Catholic Hospitals Offer More Compassionate Care
"Compassionate care" is what makes Catholic hospitals different from their competitors, according to a study by Kenneth R. White, PhD, and James W. Begun, PhD, published in Inquiry.
The researchers examined a 1993 survey that the American Hospital Association had conducted of its members. From nearly 6,000 survey responses, White and Begun drew a sample of 2,023 hospitals. Of these, 287 had Catholic sponsorship, 1,362 were other-than-Catholic not-for-profit organizations, and 374 were investor-owned for-profits.
White and Begun asked themselves whether significant differences existed among these hospitals in the delivery of three kinds of healthcare services:
- Access services. These, which include emergency, trauma, and obstetric services, give the hospital a way to reach all local populations needing healthcare.
- Stigmatized services. These include treatment for HIV/AIDS, mental illness, and substance abuse.
- Compassionate care. These include spiritual counseling, home healthcare, hospice care, and all services involving the continuum of care.
The researchers found that, in fact, Catholic hospitals provided fewer access services than other not-for-profit organizations. The number of access services provided by investor-owned hospitals was not significantly different than those provided by Catholic facilities.
As for stigmatized services, the data showed that Catholic and other not-for-profit hospitals provided about the same amount. Investor-owned facilities offered significantly fewer stigmatized services than the other two kinds.
The big differences were seen in the area of compassionate care, where Catholic facilities provided significantly more services than either non-Catholic not-for-profit or investor-owned institutions.
White and Begun said provision of compassionate care was "key" in differentiating Catholic hospitals from others. Many such services are not reimbursed by third-party payers, the researchers noted. They asked: Who would provide them if Catholic hospitals did not exist?
Rx: Write about It
The possibility of a mind-body connection in sickness and in healing has long intrigued researchers but has been diffficult to prove. But a study by Joshua M. Smyth, PhD, et al., published in JAMA, indicates that brief writing exercises can reduce symptoms in people with chronic illness.
In the study, patients with chronic asthma or rheumatoid arthritis wrote for 20 minutes three times a week about a traumatic experience in their lives. Those in the control group wrote about nonemotionally involving events. After four months, the patients who wrote about stressful experiences had clinical improvements in their health not shared by those in the control group, who had had the same standard medical treatment. Asthma patients showed improvement in lung function, while arthritis patients saw the severity of their disease reduced. Overall, nearly 48 percent of the patients who wrote of stressful topics showed increased improvement, compared to approximately 24 percent of the control group.

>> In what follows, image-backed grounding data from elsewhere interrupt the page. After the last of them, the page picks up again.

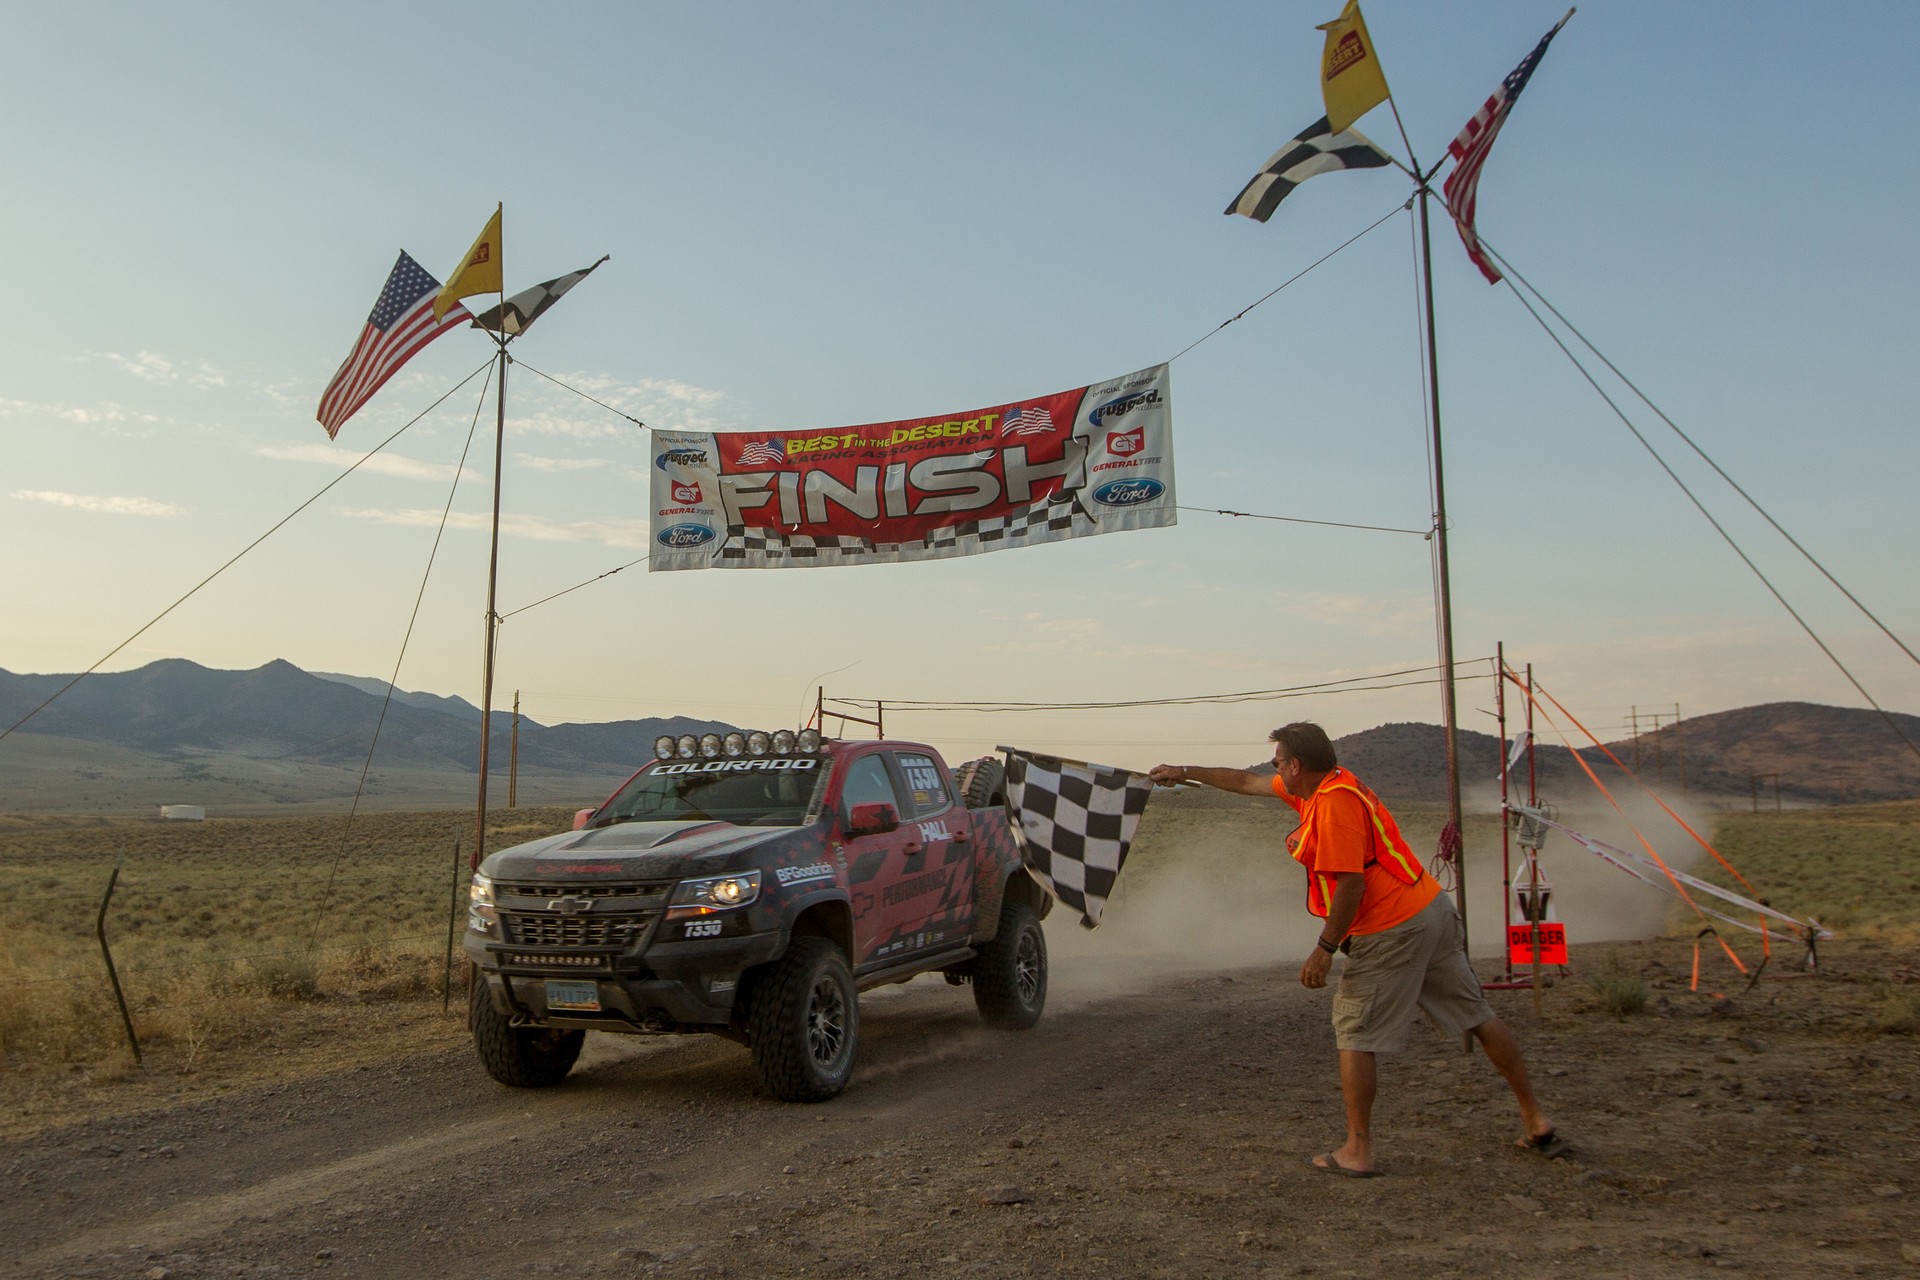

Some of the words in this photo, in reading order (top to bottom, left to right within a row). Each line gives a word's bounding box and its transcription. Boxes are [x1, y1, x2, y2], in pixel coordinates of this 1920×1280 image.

[787, 434, 858, 455] BEST
[855, 439, 866, 447] IN
[871, 438, 890, 448] THE
[890, 414, 999, 445] DESERT
[786, 450, 857, 466] RACING
[860, 432, 996, 460] ASSOCIATION
[716, 434, 1090, 526] FINISH
[1107, 481, 1150, 503] Ford
[669, 527, 704, 544] Ford
[649, 758, 817, 776] COLORADO
[917, 820, 953, 843] HALL
[776, 861, 835, 883] BFGoodrich
[1511, 929, 1565, 945] DAGER

The authors of the study write that a growing body of literature suggests that addressing patients' psychological needs produces both psychological and physical benefits. Writing is a technique that has been successfully used in several studies. Why this is the case is not known, although it is possible that the patients' memories of past traumas change as a result of the writing exercise and this helps them adapt and cope more successfully with stressful events, such as chronic illness.
An accompanying JAMA editorial points out that the study shows that medical treatment is more effective when standard pharmacological treatment is combined with stress management. Venting negative emotions, even in brief writing exercises for unknown readers, appears to be of measurable help for patients dealing with chronic disease.